The nose is floral and fruity, and while I can't parse out much hop aroma, there's a creamy oaky sweetness that leaves no doubt as to whether this was barrel aged. In the taste, this is even sweeter — surprisingly so for a kombucha-based beverage — with more of that creamy, oaky character, and subtle vanilla. Both hops and juniper hit as a bit of sharp spice, adding a distinct bite and bitterness that immediately sets this apart from any other kombucha I've had before. Carbonation is high, head retention is low, and K.P.A. is decently full bodied for both a kombucha and a sour beer. Sourness is relatively mild, more of a tartness, but the addictive kind that's best matched with high carbonation. The contrast between sweet and sour and creamy and dry gives this a really beautiful balance. Using both hops and juniper still seems kind of redundant to me, but the herbal bitterness is a nice background contrast to all the other rich, strong flavors playing off each other.

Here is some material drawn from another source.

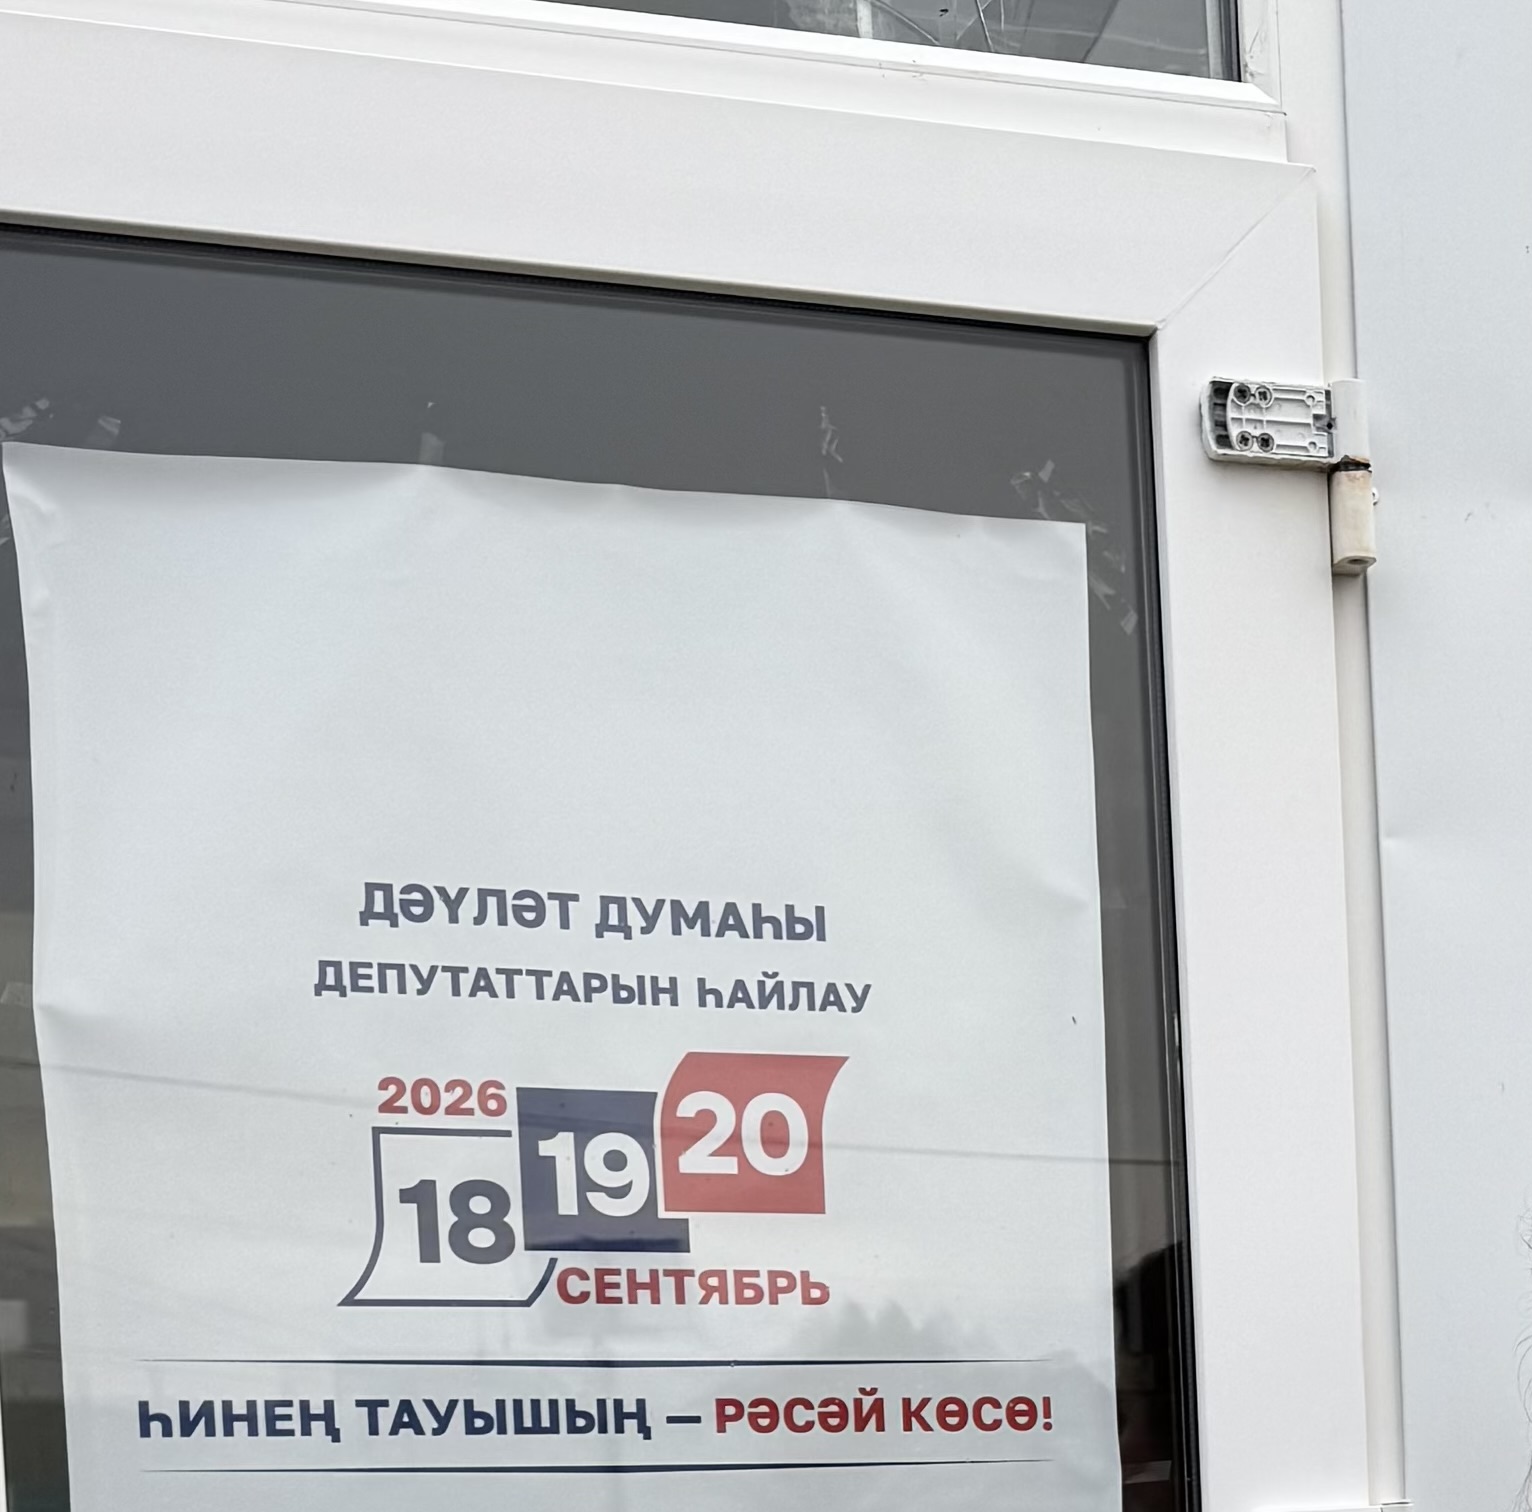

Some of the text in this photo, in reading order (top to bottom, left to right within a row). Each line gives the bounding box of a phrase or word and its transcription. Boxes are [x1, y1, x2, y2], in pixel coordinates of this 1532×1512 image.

While the sourness is understandably not as complex as that of a great sour beer, it's unique enough to justify K.P.A.'s existence, and tasty enough to ensure that it disappears rapidly from my glass. Mr. Wizard up there isn't messing around. Too bad I had to drive to Maine to buy this bottle — if Unity Vibration were in New York, I would absolutely pick this up again soon.
Availability: 16 ounce bottle.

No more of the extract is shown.